Judge Murray ruled that the Michigan Marijuana Regulatory Agency’s (MRA) recall was overbroad by including products tested by Viridis North, in Bay City, even though all products that allegedly failed retesting were tested at the main Viridis Lansing facility, which legally operates as a separate company. 

As a result, Judge Murray made a split decision, releasing the smaller Viridis North from the November 17, 2021 recall, while declining to lift the recall for the Lansing facility.

[Read Judge Murray’s orderWatch day two of hearings]

On Thursday, Viridis co-founder and CEO, Greg Michaud, testified that his company will likely have to close its doors if the recall was not lifted on Viridis’ two laboratories.

“These two beautiful, multi-million dollar laboratories that we’ve built, we have about two months of operating expenses left. So, it’s highly likely that we’d have to close our doors, sir,” said Michaud from the witness stand, during the examination from his attorney, Kevin Blair.

Michaud testified there are, “2,400 samples on hold at Bay City and 1,800 at Lansing.”

Proceedings on the hearing for a temporary injunction on the MRA recall lasted for two days of testimony, finishing up on Thursday afternoon.

The MRA issued a Notification of Marijuana Product Recall on Nov. 17, for all marijuana products tested between Aug. 10 and Nov. 16 by Viridis Laboratories in Lansing and Viridis North in Bay City, Michigan due to unreliable results, leaving more than 400 dispensary owners in Michigan scrambling to replace impacted inventory as growers braced for those returns.

Claire Patterson, scientific and legal section manager with the MRA testified Thursday that she was not entirely sure of the total percentage of what has been retested but the total number of source packages is 829.

“Each of those source packages may relate to a lot of smaller what we call child packages or derived packages,” Patterson said under questioning from the MRA attorney. “As of this morning Dec. 2, we have a total percentage passing at 73 percent and a total percentage failing at 27 percent. Those samples are failing for either total coliforms, total yeast and mold, or aspergillus.”

She went on to say the MRA has received 18 adverse reaction complaints since the issuance of the recall.

“They range from pretty serious side effects and hospitalizations to more mild allergic type reactions.”

Charges that the agency improperly instituted a massive cannabis products recall on Nov. 17 against the testing laboratories went before Judge Murray in Detroit. Viridis’ complaint calls for a revocation of the recall and monetary damages from the MRA for what Viridis says has cost state cannabis businesses more than $230 million

Michaud told the court that he’s received three letters from customers threatening litigation against Viridis.

“If the recall were to end today. If there was a ruling that the recall was never valid in the first place and never should have happened, how would life at Viridis Lansing and Viridis North change immediately?” Viridis’ attorney Kevin Blair asked Michaud.

If the recall were lifted, Michaud replied, Viridis could get back to doing revenue generating work and put aside all the retests that are not generating revenue.

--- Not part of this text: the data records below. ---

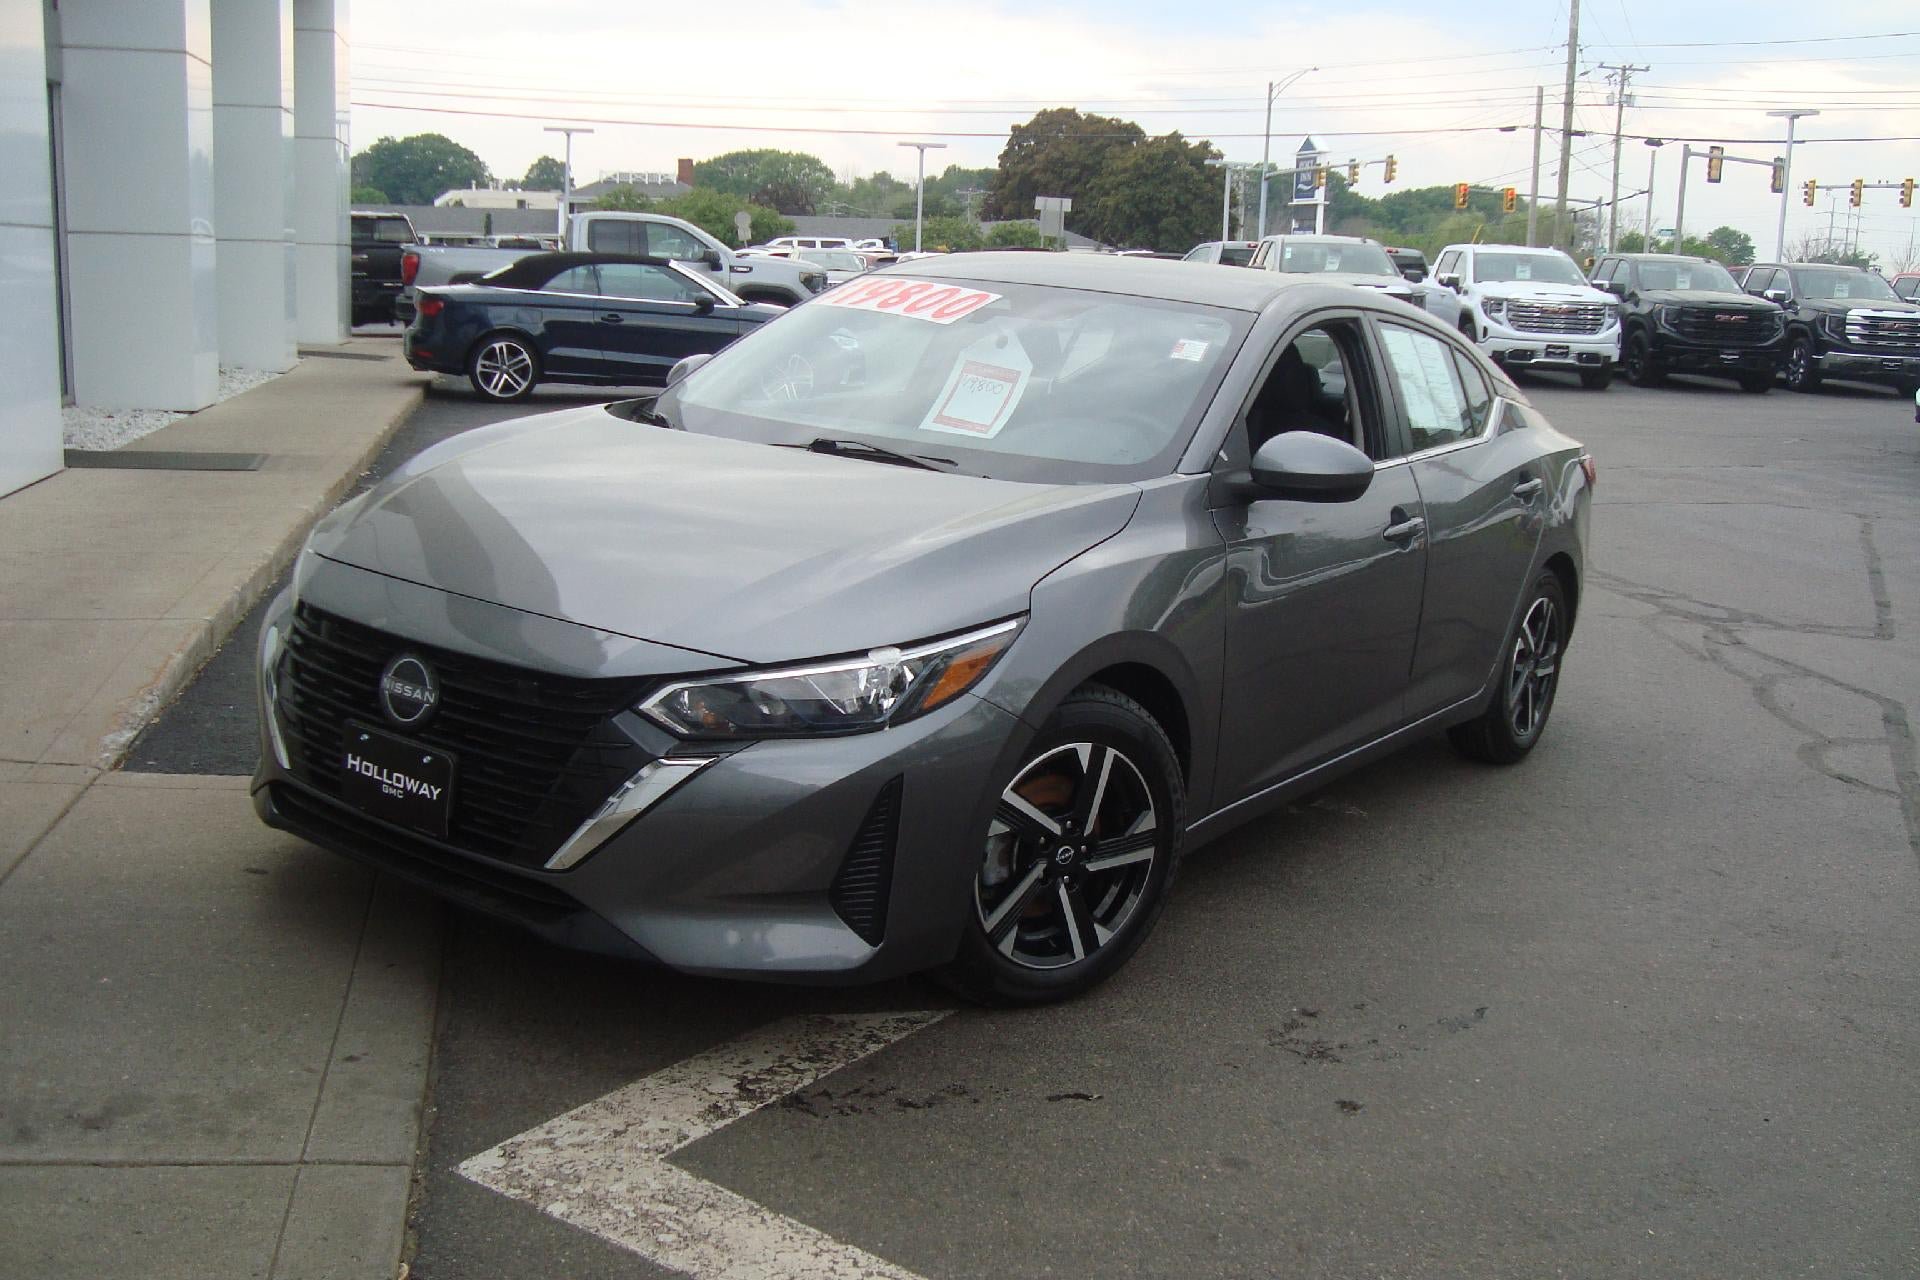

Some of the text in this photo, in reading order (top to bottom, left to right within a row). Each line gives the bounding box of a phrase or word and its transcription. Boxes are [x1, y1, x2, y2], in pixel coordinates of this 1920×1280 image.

[384, 675, 435, 704] NISSAN
[346, 753, 442, 801] HOLLOWAY
[382, 784, 404, 799] GMC
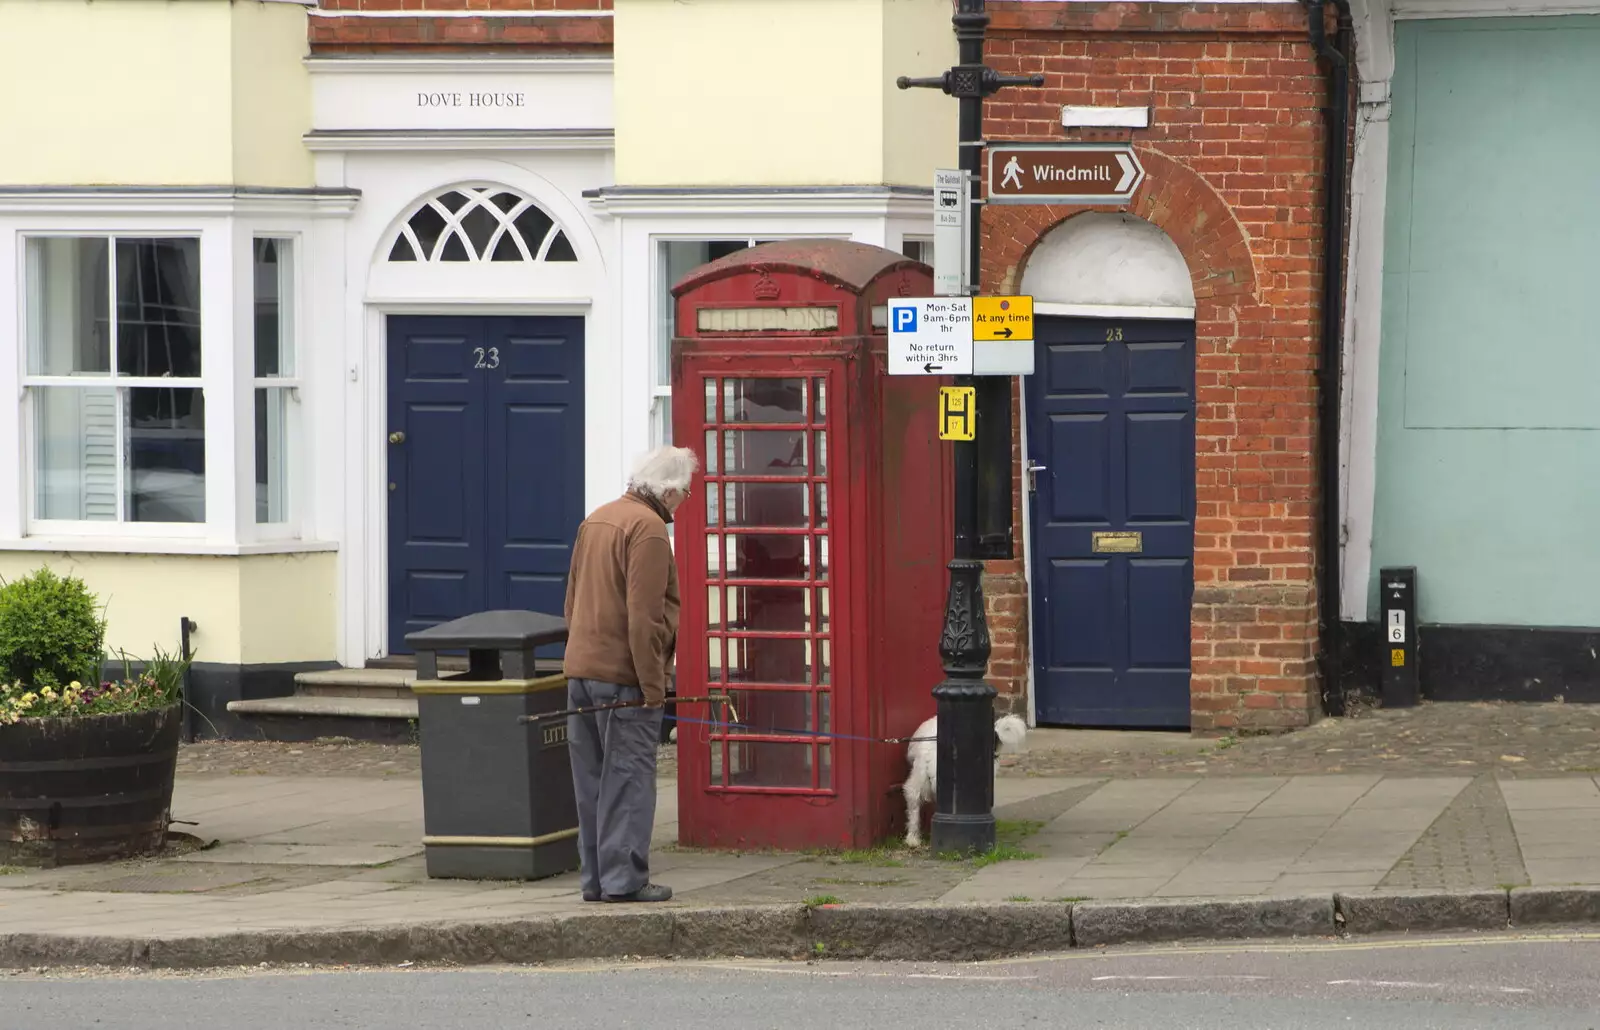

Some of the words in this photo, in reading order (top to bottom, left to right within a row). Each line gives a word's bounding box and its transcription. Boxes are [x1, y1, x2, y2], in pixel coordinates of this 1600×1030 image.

[417, 93, 461, 107] DOVE
[469, 93, 525, 107] HOUSE
[1033, 165, 1111, 181] Windmill
[926, 303, 967, 312] Mon-Sat
[898, 309, 914, 331] P
[923, 314, 971, 324] 9am-6pm
[976, 313, 987, 322] At
[989, 315, 1005, 324] any
[1008, 313, 1030, 322] time
[940, 325, 953, 333] 1hr
[1106, 327, 1123, 341] 23
[909, 343, 923, 352] No
[926, 343, 955, 352] return
[473, 346, 500, 369] 23
[905, 353, 935, 362] within
[938, 353, 959, 362] 3hrs
[944, 393, 968, 435] H
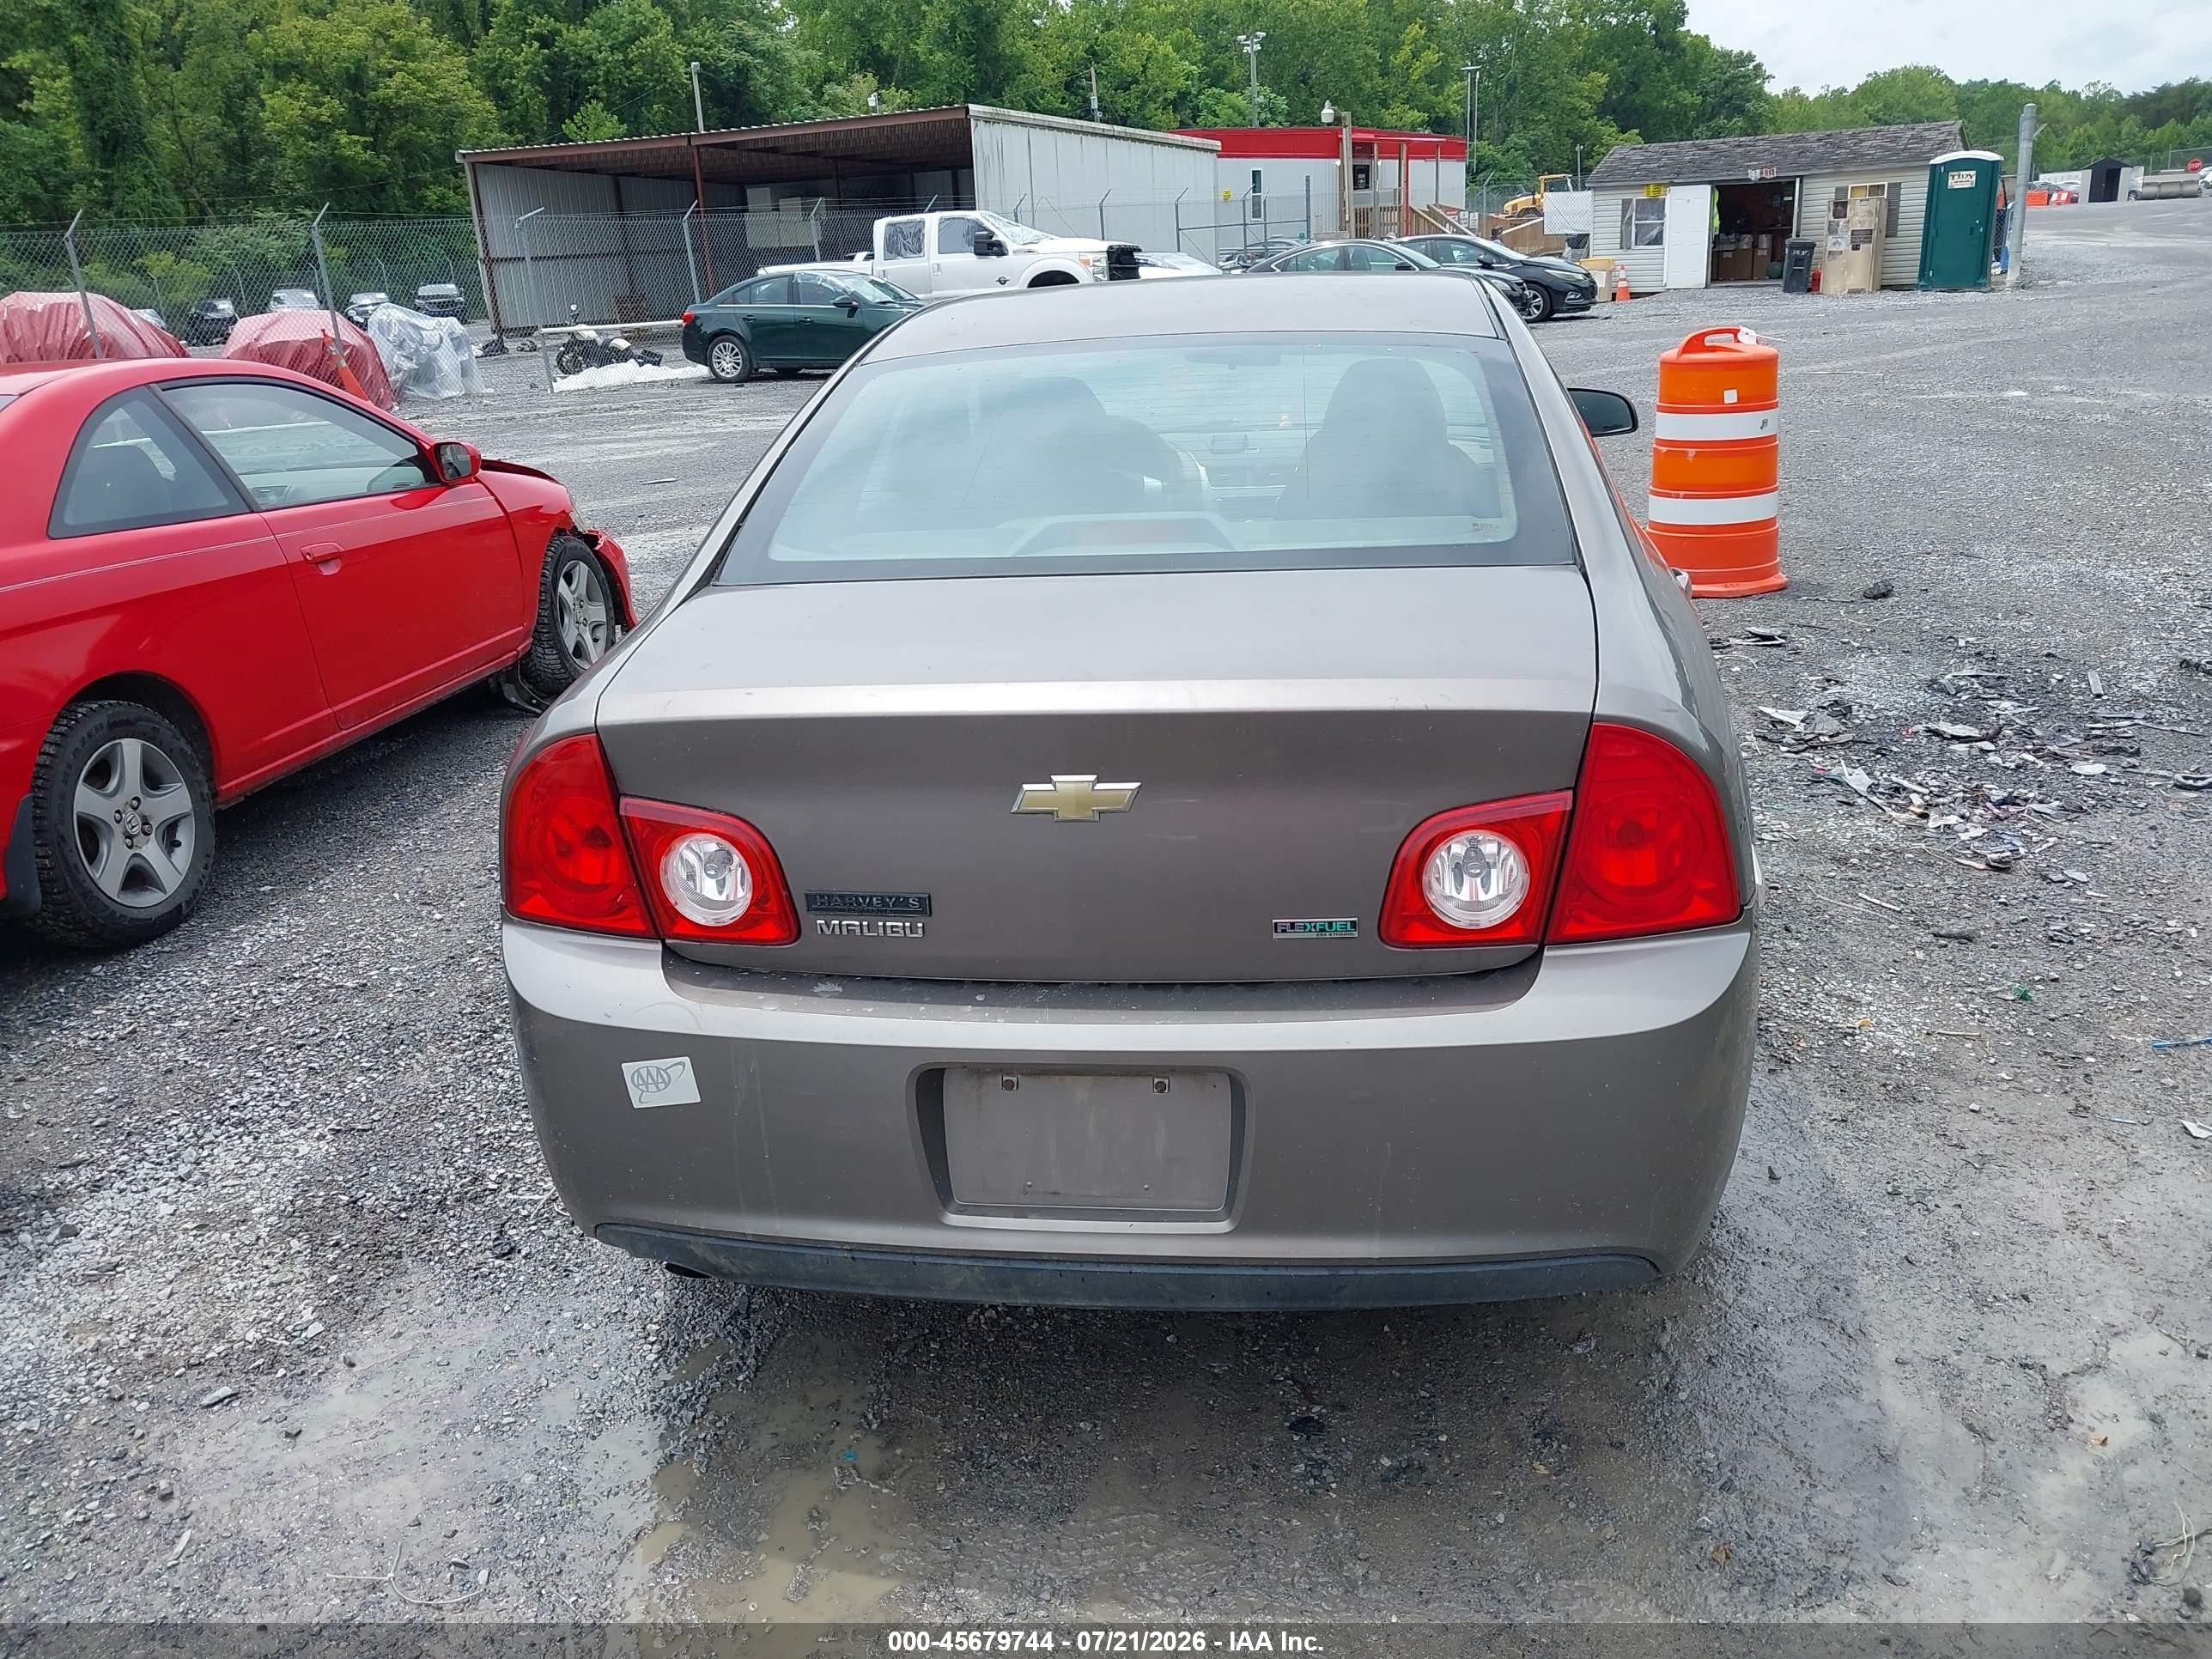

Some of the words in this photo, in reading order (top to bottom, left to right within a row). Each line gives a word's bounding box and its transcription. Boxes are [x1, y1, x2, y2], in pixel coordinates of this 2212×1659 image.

“Currently we’re not seeing any cash collection either,” Michaud said. “The customers have stopped paying us and we have several hundred thousand dollars in accounts receivables. We’ve not seen any of that come in except for a little bit. In fact, we’re having checks cancelled that were sent to us. So, we’re not receiving really any revenue at this point.”

Michaud added that with the recall cancellation they would get back some of their loyal customers, to what extent though, remains to be seen.

Whether it’s cannabis or beef, a recall is to protect the public, Judge Murray said during proceedings.

Judge Murray’s frustrations during the proceedings was evident Thursday just as it was on Wednesday. He even offered an apology to Viridis’ attorneys as they appeared pressed for time in preparing to bring three witnesses including Michaud.

“You don’t have to apologize,” Murray told Blair as he prepared to bring Michaud to testify via Zoom. “I don’t mean to be short with anybody. It’s not the time as in time of day that I have to do this, this is what my job is but…and I’m not talking about the witness that you’re going to call now, it’s the getting into the nitty gritty of an agency decision and seeking the court to enjoin them. That’s something for later but that’s what’s getting me perturbed so, I apologize.”

Under questioning from Blair, Michaud, the main defense witness, elaborated that the recall is not over and that it is just starting.

Their limited capacity, Michaud said, has to do with available personnel, equipment and instrumentation to handle samples on a daily basis. The testing was being done free of charge, he said, as customers reached out to Viridis asking what Viridis can do for them.

“Obviously we’re going to do what we can,” Michaud said. “So, these tests are monopolizing our time all day every day,” he said, adding it’s having probably the worst impact they could imagine on their revenue generating samples.”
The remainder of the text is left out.